For both NIRCam and NIRISS imaging data, we downloaded Level 1b data (uncalibrated files, labeled "UNCAL") from the JWST archive, and reduced the data using the first stage of the JWST pipeline with stock parameter files to create Level 2a (count-rate files, labeled "RATE") files in units of digital numbers per second (DN/s). The JWST calibration pipeline version was 1.7.2. The CRDS context using the PUB server was jwst_0967.pmap. 20
To convert from measured count-rates (DN/s) into the flux-calibrated units of MJy/sr (a flux density surface brightness), we followed one path for NIRCam and a different path for NIRISS. The reason for this was that the JWST initial flux calibration of NIRCam was unsettled for much of this analysis; it converged in 2022 October. For NIRISS imaging data, we used stage 2 of the JWST pipeline (same pipeline version and CRDS server as above) with the stock parameter files to generate Level 2b files (calibrated files, labeled "CAL") in units of MJy/sr. We performed all photometry of NIRISS images on these flux-calibrated data products. We verified with the NIRISS instrument development team that this approach uses the latest available flux calibration. For NIRCam imaging data, we performed all photometry on the count-rate images (Level 2a), and then converted the measured count-rates into DN/s to surface brightness in MJy/sr by using the PHOTMJSR flux calibration conversion factors that were delivered to CRDS on 2022 October 3, 21 some of which are described in Boyer et al. (2022). To emphasize, we did not use the PHOTMJSR values from the headers because they had not yet been updated at the time this analysis was performed.

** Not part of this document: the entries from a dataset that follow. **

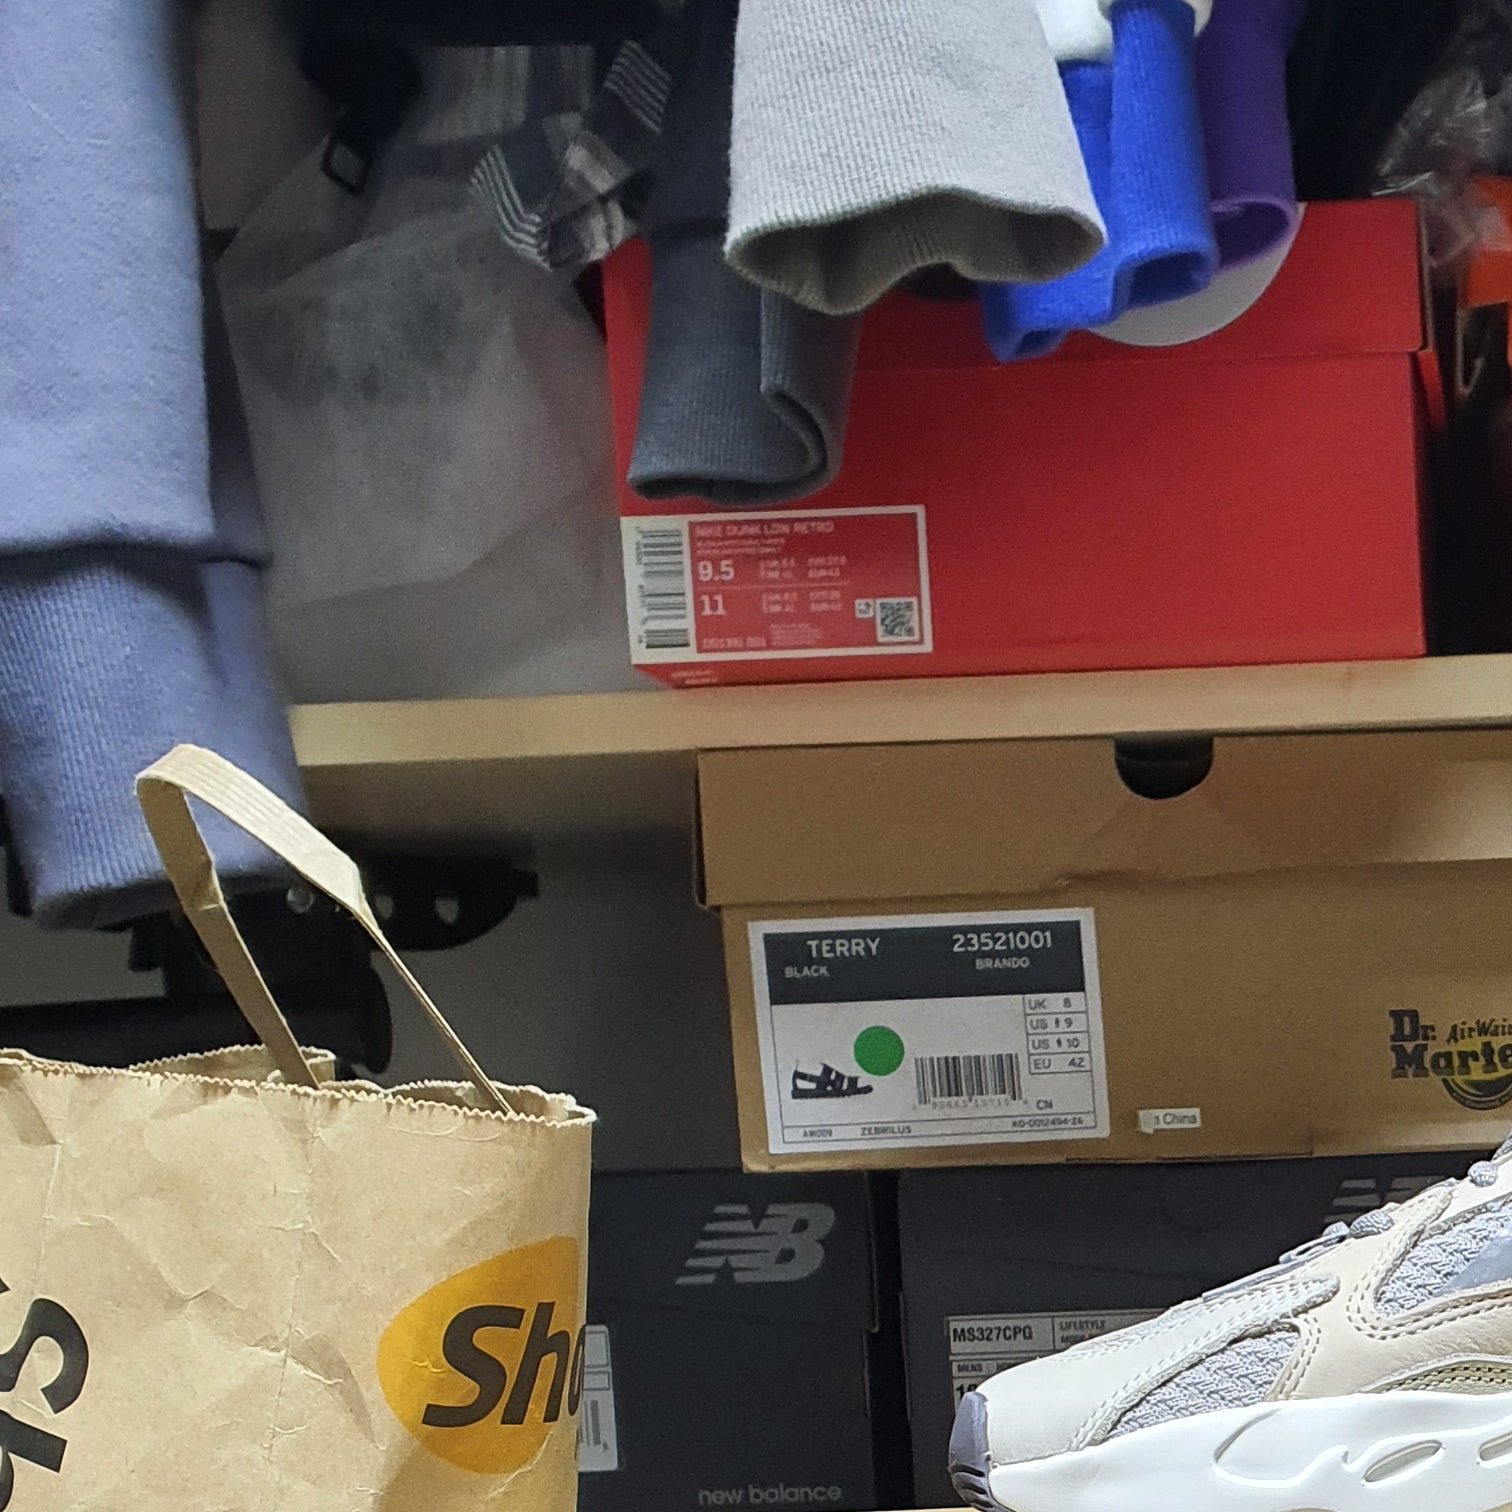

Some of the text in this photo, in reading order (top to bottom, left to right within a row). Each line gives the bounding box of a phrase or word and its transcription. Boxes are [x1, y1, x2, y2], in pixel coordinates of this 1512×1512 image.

[763, 523, 790, 535] LOW
[793, 521, 834, 534] RETRO
[697, 558, 735, 582] 9.5
[699, 593, 727, 616] 11
[807, 930, 1053, 959] TERRY 23521001
[784, 956, 1031, 979] BLACK BRANDO
[1028, 997, 1072, 1010] UK 8
[1030, 1017, 1073, 1030] US 9
[1389, 1008, 1437, 1043] Dr.
[1031, 1037, 1080, 1050] US 10
[1033, 1057, 1085, 1070] EU 42
[1162, 1112, 1197, 1125] China
[697, 1481, 842, 1507] new balance

Similarly, for MIRI imaging, the Level 1b data, uncalibrated files, in units of DN were processed to Level 2a files (rate files in DN/s) and finally to 2b (CAL) flux-calibrated data, in units of MJy/sr, using the JWST calibration pipeline version, and the 1.6.2 CRDS context using the PUB server was jwst_0969.pmap. 22
For imaging data, for each exposure and each detector, we took the median value of all illuminated pixels as the background. We then took the median value of these measurements over the multiple exposures per detector, with the standard deviation as the plotted error bar. In the case of NIRCam short wavelength, which has eight detectors, we label the median for each detector (labeled as module A or B, and numbers 1–4), and also plot the median over all detectors (plotted as purple stars.)

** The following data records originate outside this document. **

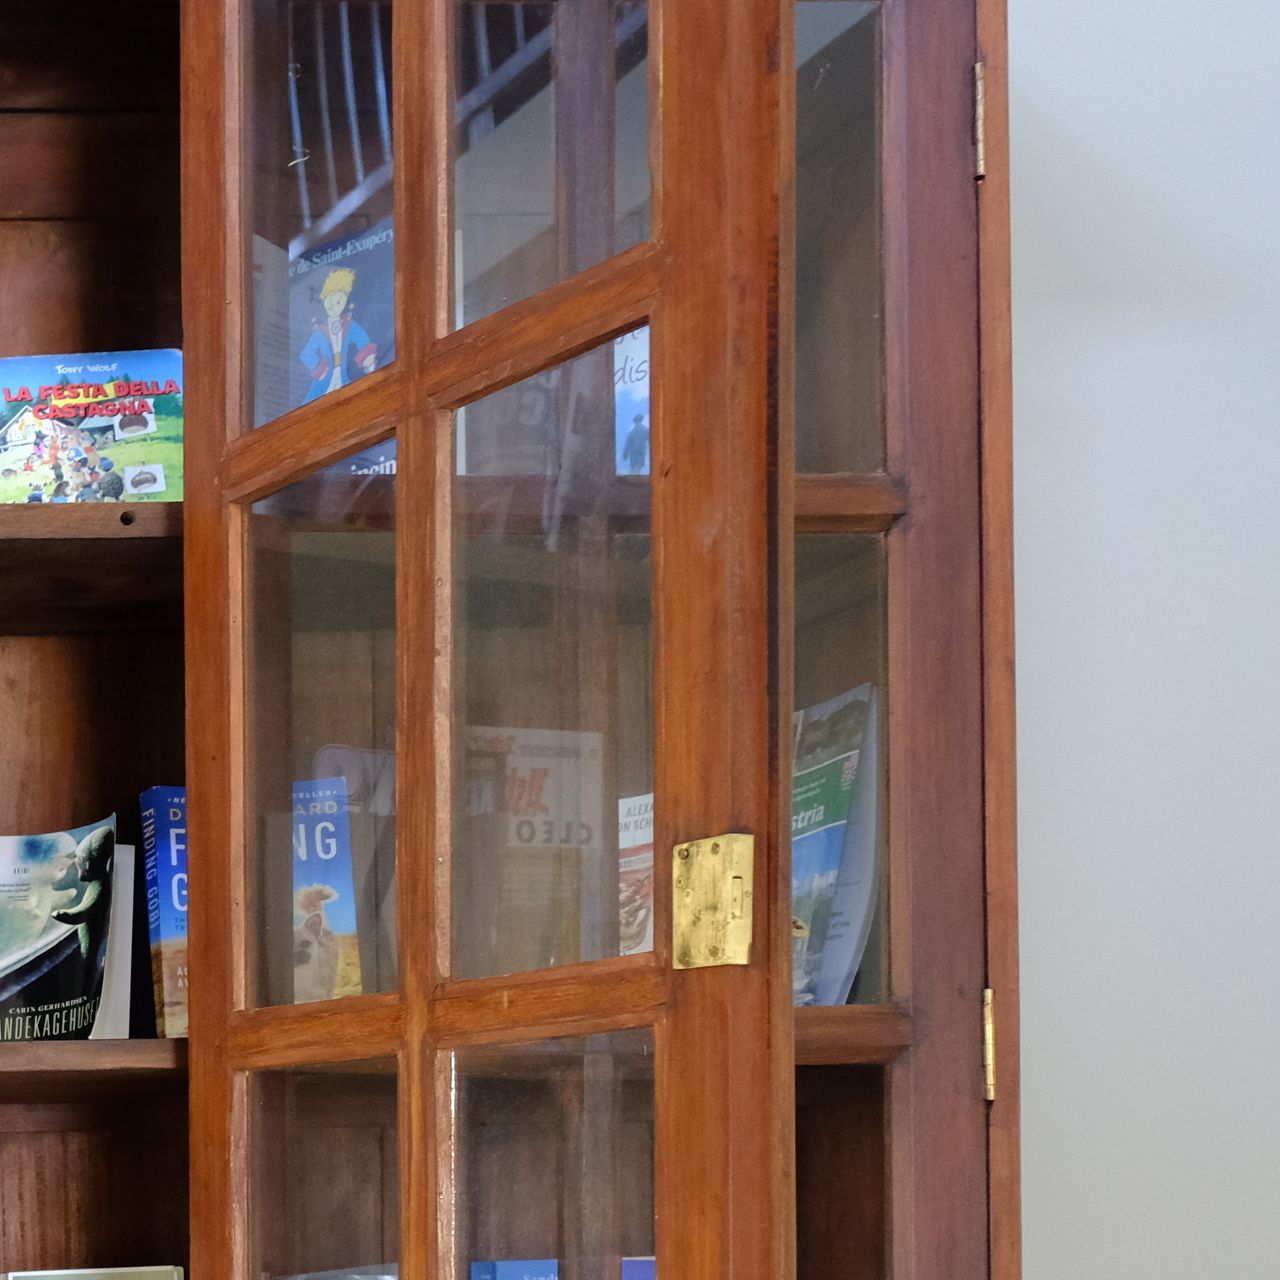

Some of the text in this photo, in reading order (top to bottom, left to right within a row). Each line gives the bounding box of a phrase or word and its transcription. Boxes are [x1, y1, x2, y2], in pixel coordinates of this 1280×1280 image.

[2, 378, 181, 403] LA FESTA DELLA
[32, 399, 155, 420] CASTAGNA
[633, 818, 653, 832] SCH
[142, 807, 159, 881] FINDING
[146, 885, 161, 930] GOBI

The JWST flux calibration at the time of this analysis was based on preliminary in-flight calibration data, not ground-test data. The NIRCam calibration used in this work was based on only two stars (Boyer et al. 2022). The MIRI calibration used in this work was based on 1–2 stars depending on the filter. This is compared to the JWST Cycle 1 calibration plan, which calls for at least nine stars (generally three from each of these categories: A dwarfs, hot stars, and solar analogs) to be observed by the end of cycle 1 (Gordon et al. 2022). For the calibration context used in this work, the flux calibration uncertainties are thought to be at the level of ∼5% for MIRI (K. Gordon 2023, private communication) and no more than 5% for NIRCam (M. Boyer 2023, private communication).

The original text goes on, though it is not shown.